School shooting in Vantaa, Finland

On 2 April 2024, a shooting occurred at the Viertola school, Jokiranta site in Vantaa, Finland. The gunman, a 12-year-old fired a revolver at three students, all aged 12. One victim was killed while two were seriously injured.

== Background ==
Gun ownership in Finland is closely linked to hunting and target practice. According to the Finnish Interior Ministry, there are more than 1.5 million licensed firearms in Finland, with around 430,000 licensed gun owners. That is equivalent to about 8% of the Finnish population. Finnish law provides no limit to the number of guns that can be owned per person. If the amount of personal firearms exceeds the amount of five, or if a firearm is classified as ”highly dangerous”, such as a semi-automatic pistol with a high capacity magazine, the weapons need to be "stored in such a way that they cannot easily be stolen". The age limit for a gun license in Finland is 18 years of age. Minors over the age of 15 can legally be permitted to use other people's firearms. The age limit for revolvers, which was the weapon used in the shooting, is set at 20 years of age.
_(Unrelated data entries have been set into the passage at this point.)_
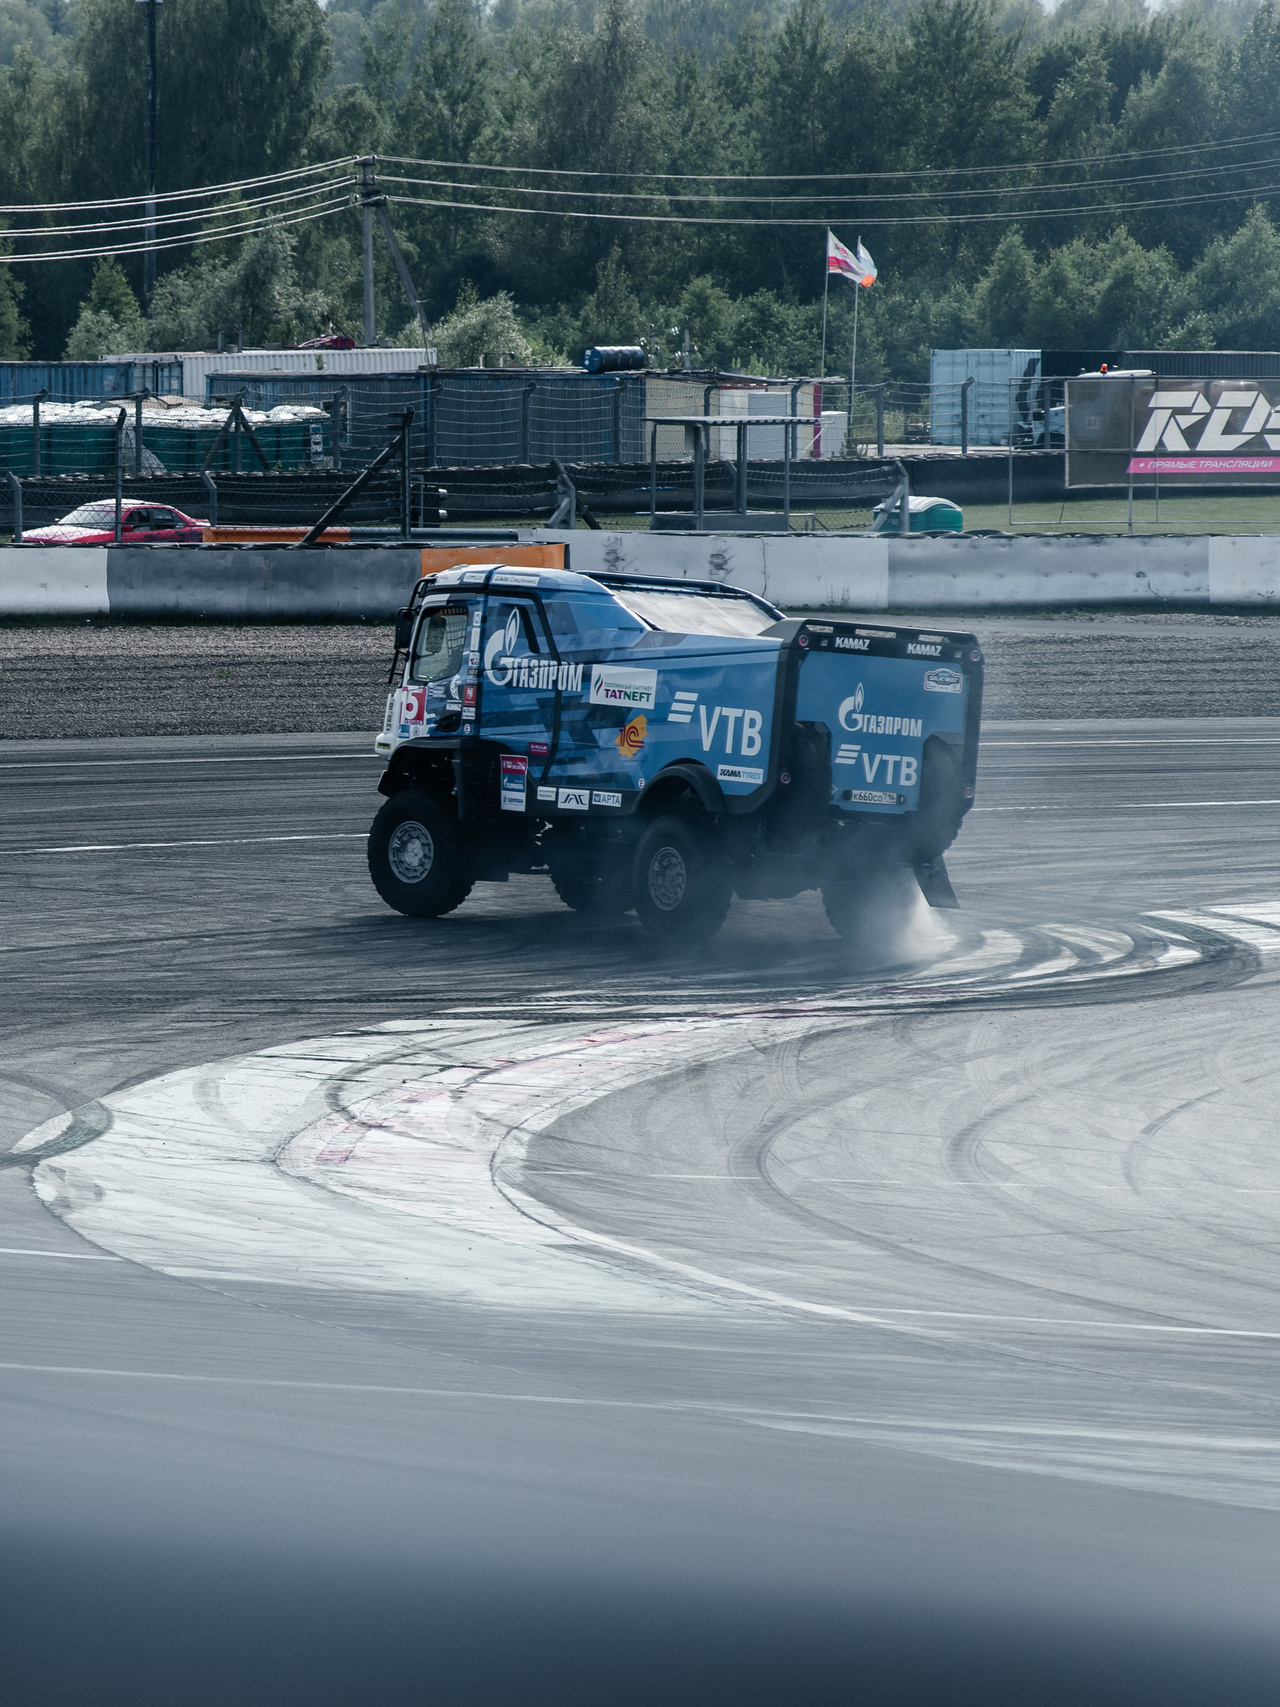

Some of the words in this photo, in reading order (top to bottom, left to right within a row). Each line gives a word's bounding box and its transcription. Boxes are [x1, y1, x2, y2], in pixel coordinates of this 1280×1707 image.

[1135, 390, 1280, 451] RD
[1147, 460, 1197, 469] ПРЯМЫЕ
[1199, 460, 1273, 469] ТРАНСЛЯЦИИ
[835, 637, 870, 650] KAMAZ
[907, 643, 942, 656] KAMAZ
[512, 658, 584, 692] ГАЗПРОМ
[604, 688, 652, 702] TATNEFT
[699, 704, 763, 756] VTB
[863, 714, 923, 737] ГАЗПРОМ
[862, 753, 918, 786] VTB
Previous fatal school shootings in 2007 and 2008 led to a raised minimum age for gun ownership and increased background checks for prospective gun owners. It prompted the establishment of a "system of pre-emptive measures" allowing police to intervene if they received information on an "intent to stage an attack". An aptitude test for all gun licence applicants was introduced in 2010.

Bullying in Finland is regarded as widespread. Studies show that 8.6% of children between the ages of 10 and 11 experience bullying on a weekly basis.

== Shooting ==
A 12-year old entered a sixth-grade classroom wearing a mask and noise-cancelling headphones and exclaimed "Now the bullying ends!" before shooting three of his classmates. Police arrived at the scene at 09:17. A lockdown was implemented inside the school and in nearby educational institutions.

Immediately after the shooting, a teacher arrived at the scene. The teacher managed to convince the shooter to leave the classroom. After fleeing on foot, he fired several shots in the air, including one at a parked car. The police eventually found the shooter in the North Helsinki neighborhood of Siltamäki and took him into custody at 09:58. The revolver used in the attack was recovered as the police caught up with the shooter.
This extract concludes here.